A paisagem é de uma beleza incomparável e o “teto”, todo azul, se encontra com o piso, branco-azulado, a uma distância incalculável, naquilo que, creio eu, costumam chamar de firmamento.  Ao longe, árvores frutíferas abrigam pequenos grupos de crianças, todas vestidas de azul e branco, que cantam cantigas de roda, conversam e se alimentam de suas frutas.

Interpelo-me sobre o que aconteceu: será que morri?


Consigo lembrar claramente que estava com inúmeros problemas de saúde, desempregado e em situação difícil, esquecido pelos amigos, afastado dos familiares e que as únicas coisas que vinham fazendo minha vida valer à pena ultimamente, eram o amor incondicional de minha esposa e os textos baratos que eu semanalmente escrevia para o Museu da Pelada, com direito a resenhas formidáveis, depois.

Todavia, tudo isso agora soava deveras distante e irreal para mim.

Decidi me sentar e diante daquele vazio contemplativo, preferi fechar os olhos, atendo-me somente às lembranças do que vivi.

Pela minha mente, toda minha vida passou como num filme interminável. Os primeiros anos – a infância e adolescência – tão felizes, ainda na minha querida terra natal. Meus pais, os amigos, os professores do colégio Divino Salvador, os jogos do meu time, o Paulista de Jundiaí, acompanhados pela rádio Difusora ou no estádio Jayme Cintra.

Depois, os tão sofridos anos na fase adulta; já em Ribeirão Preto: a dura acolhida, a faculdade não completada, a fome, as oportunidades profissionais negadas, a triste desilusão com as pessoas, a morte dos meus avós e pais, o câncer de minha esposa.

Meio século de vida recordado em pormenores.

As alegrias, tristezas, conquistas, frustrações, amizades, conflitos, doenças, amores…

E me emocionei muito, muito, muito!

Em meu coração, a saudade infinita do amor de minha vida; a primeira vez que a vi, o primeiro beijo, o casamento, nosso convívio tão prazeroso, apaixonado, que chamava a atenção de todos pelo modo singular como nos amávamos.

Além do sentimento de missão inacabada, por não conseguir sequer sobreviver como escritor esportivo e ainda por cima, justamente quando o Museu da Pelada entra na minha vida, perco as resenhas, as amizades, o direito de escrever transmitindo todo o meu saudosismo por um tempo no qual o futebol viveu seu auge.

Permaneci ali, sentado e introspectivo, por um período que não consigo mensurar. 

Ao final, só me restou o sentimento de gratidão pelas experiências que pude ter e por isso mentalmente agradeci ao Criador, desculpando-me pelas vezes em que blasfemei ou não fui um bom filho.
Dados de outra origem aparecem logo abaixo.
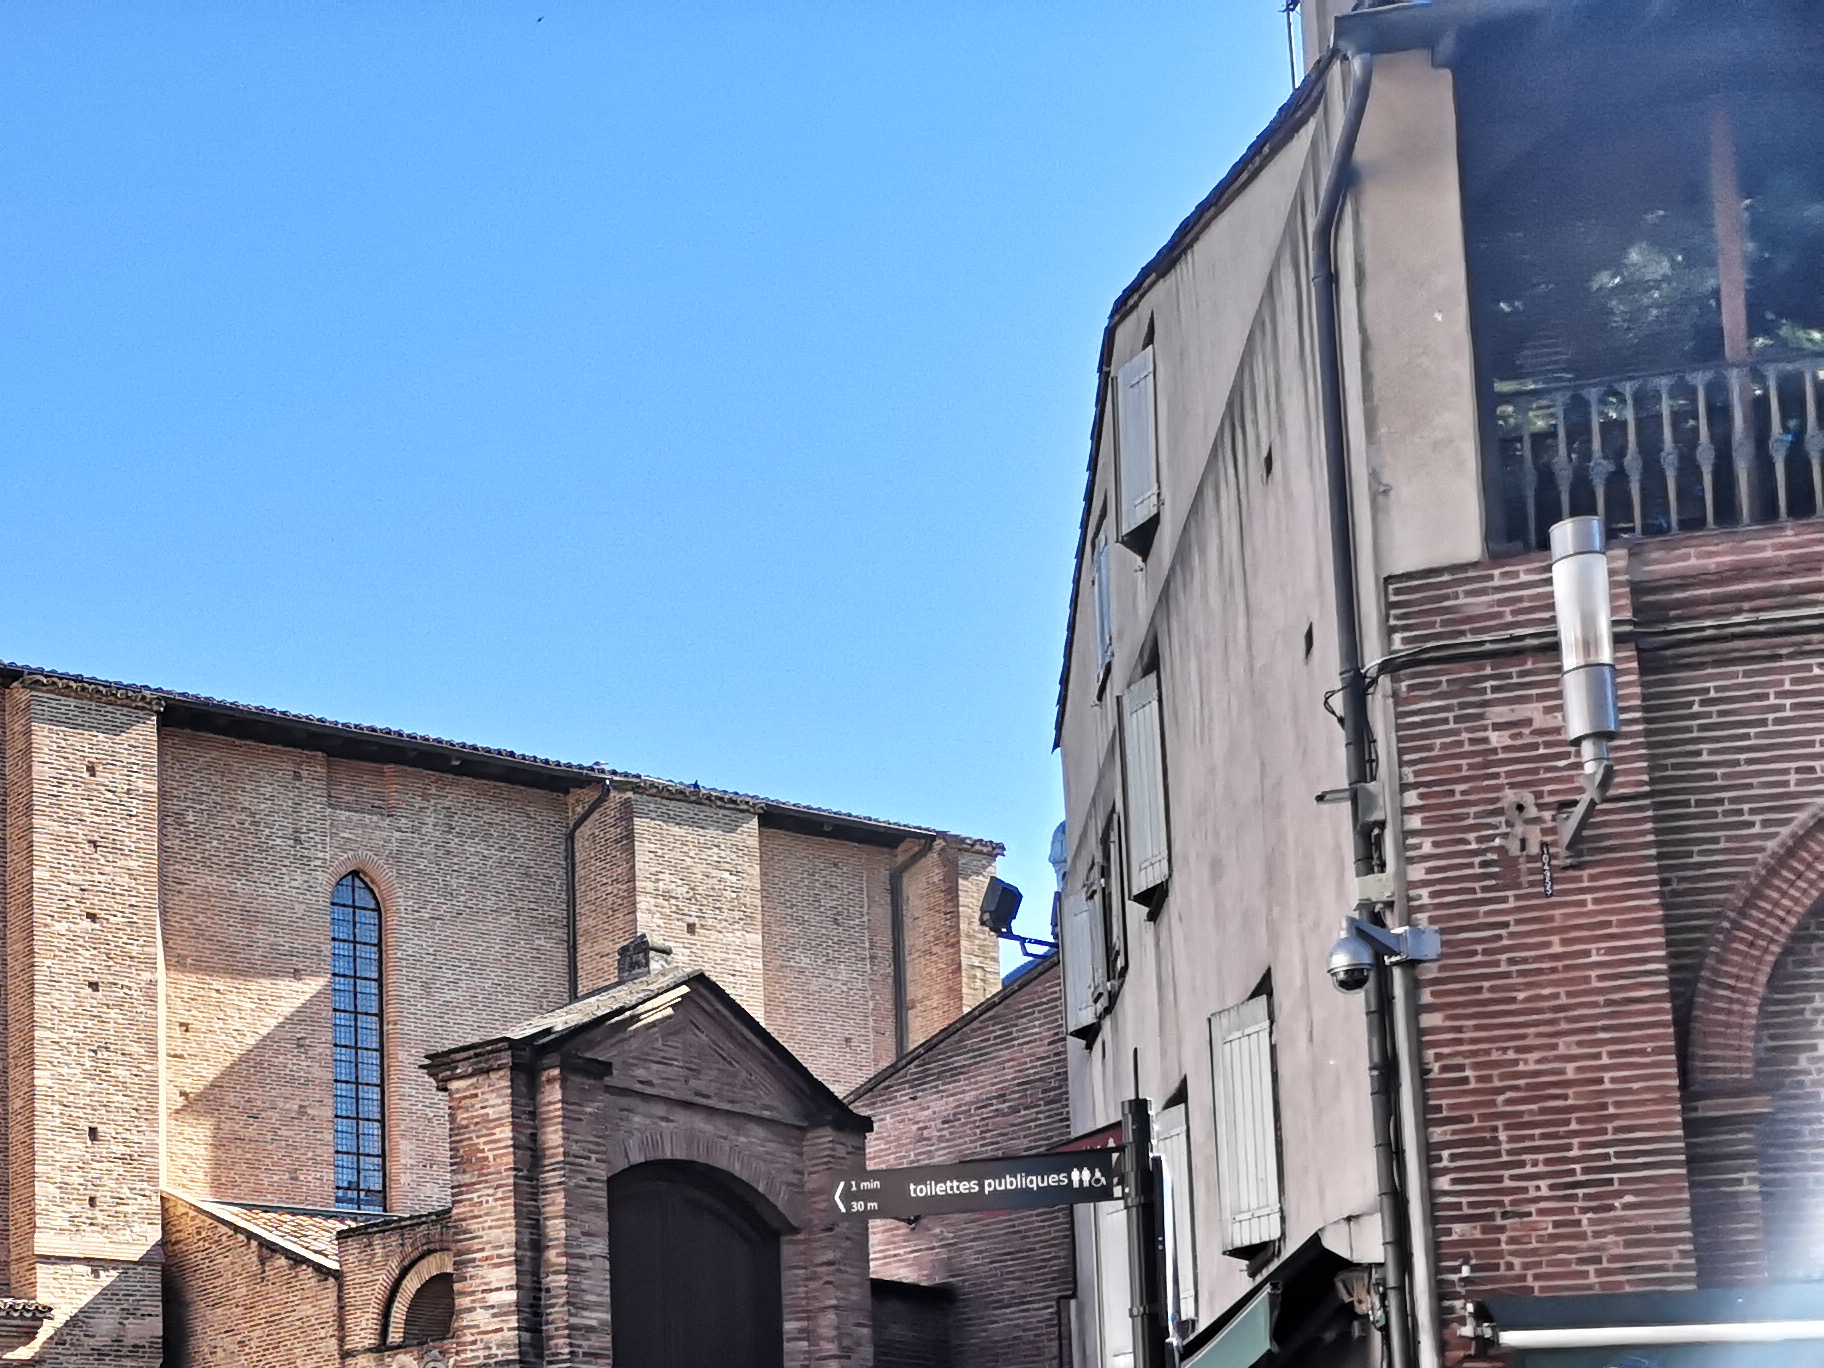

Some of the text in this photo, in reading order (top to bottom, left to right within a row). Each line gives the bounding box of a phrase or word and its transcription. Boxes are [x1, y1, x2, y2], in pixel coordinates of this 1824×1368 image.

Então, abri os olhos e a paisagem permanecia a mesma. As árvores, as crianças ao longe. Foi como se aquele tempo incomensurável que passei recordando toda minha vida, na verdade representasse alguns poucos segundos, no céu. Muito intrigante… especialmente quando olho para baixo e tomo um susto!

Sem que eu houvesse me apercebido antes, vejo que minhas mãos estão menores.

Não apenas elas; mas também meus braços, pernas…todo meu corpo parece pequeno. Infantil, eu diria. Apalpo meu rosto e sinto sua maciez, a ausência de barba. Talvez eu esteja com meus dez anos de novo… mas como e porque?


De repente, as crianças param de brincar e uma delas vem ter comigo. É um garotinho mais ou menos da minha idade (aliás, todas parecem ter uns dez anos, também). 

Ele se aproxima e com um sorriso sincero, me convida:

– Venha com a gente! Já está na hora!

Sem fazer a mínima ideia do lugar para onde vão, obedeço. Até porque, não quero ficar sozinho. Ele percebe as dúvidas pairando em minha cabeça e começa a me explicar, no caminho:

– Percebi que você ainda está confuso. Não tenhas medo! Aqui, somos todos felizes; não há fome, guerra, doenças.

– Mas porque somos crianças? – pergunto, angustiado.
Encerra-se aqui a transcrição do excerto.